[Opening AVAILABLE DATA section]
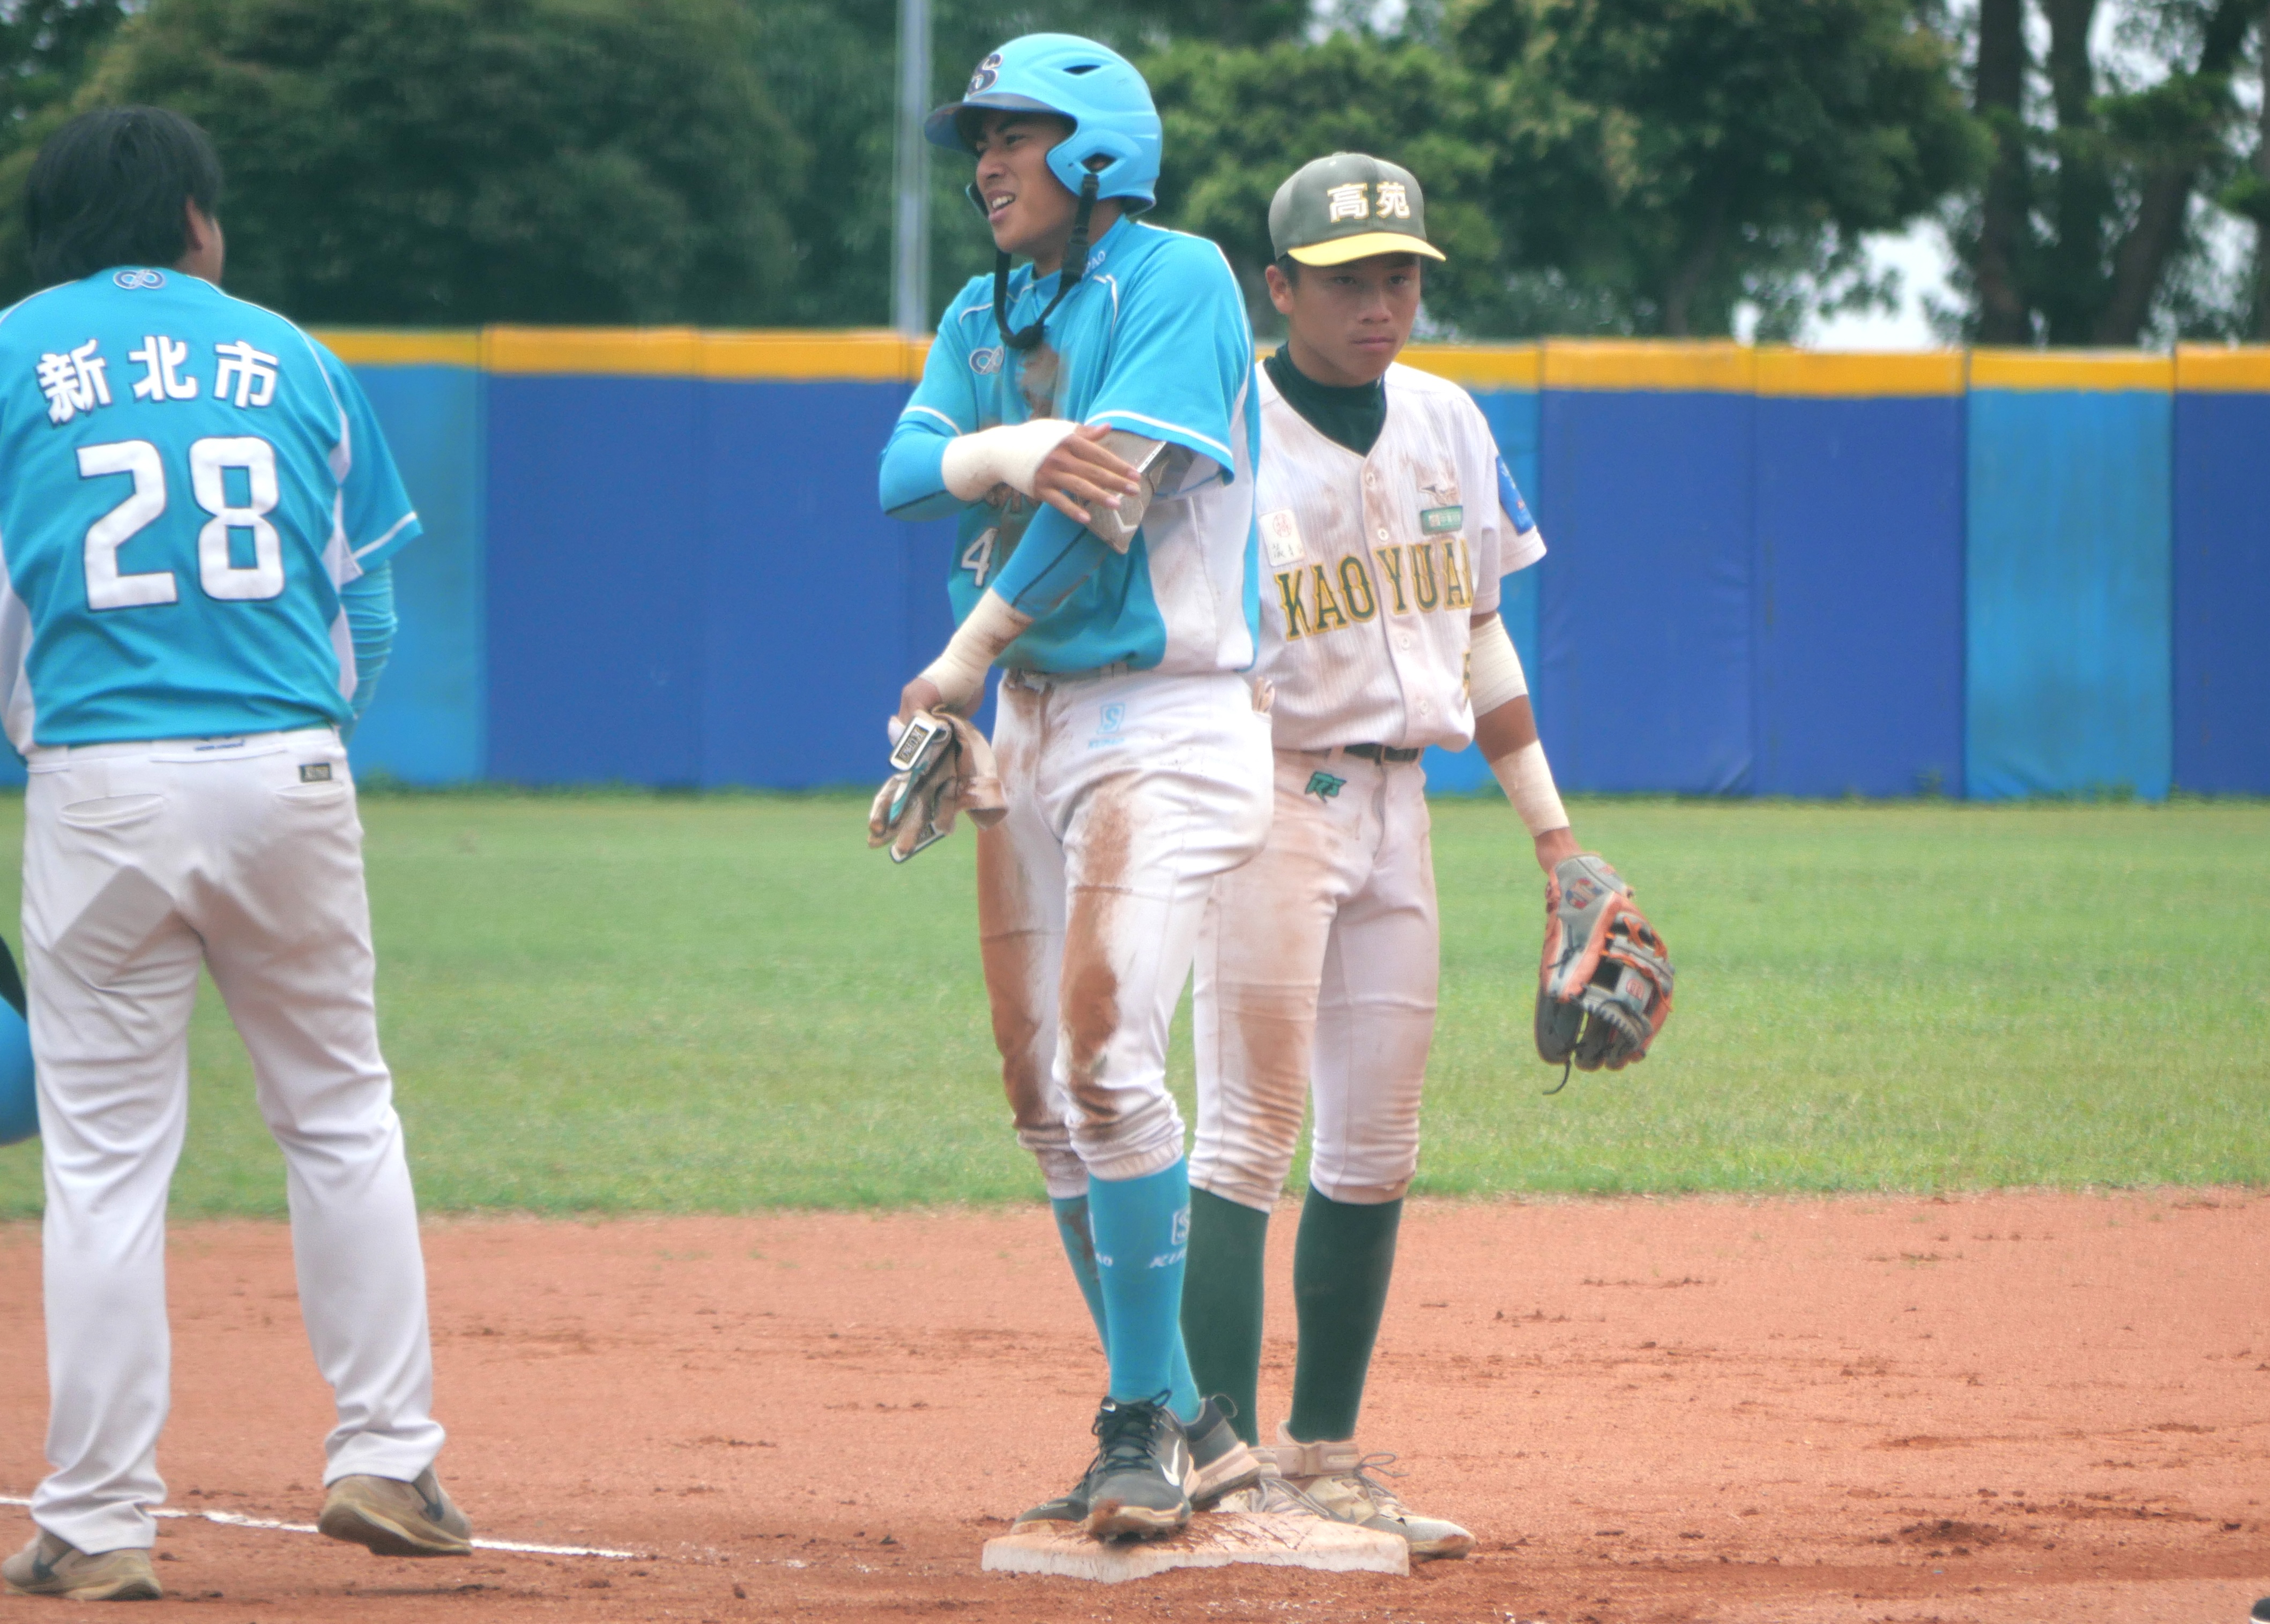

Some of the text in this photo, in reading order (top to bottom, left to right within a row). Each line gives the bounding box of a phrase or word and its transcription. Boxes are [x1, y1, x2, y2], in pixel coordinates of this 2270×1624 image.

[968, 53, 1003, 96] S
[1327, 181, 1411, 223] 高苑
[36, 335, 279, 425] 新北市
[77, 436, 285, 612] 28
[961, 527, 998, 586] 4
[Closing AVAILABLE DATA section]
> _WORK INSTRUCTION_
Produce a verbatim copy of the listing, leaving out all pictures.

> _COMPLETED TASK_
Some of the text in this photo, in reading order (top to bottom, left to right within a row). Each line gives the bounding box of a phrase or word and its transcription. Boxes are [x1, y1, x2, y2], in pixel coordinates of this 2270×1624 image.

[968, 53, 1003, 96] S
[1327, 181, 1411, 223] 高苑
[36, 335, 279, 425] 新北市
[77, 436, 285, 612] 28
[961, 527, 998, 586] 4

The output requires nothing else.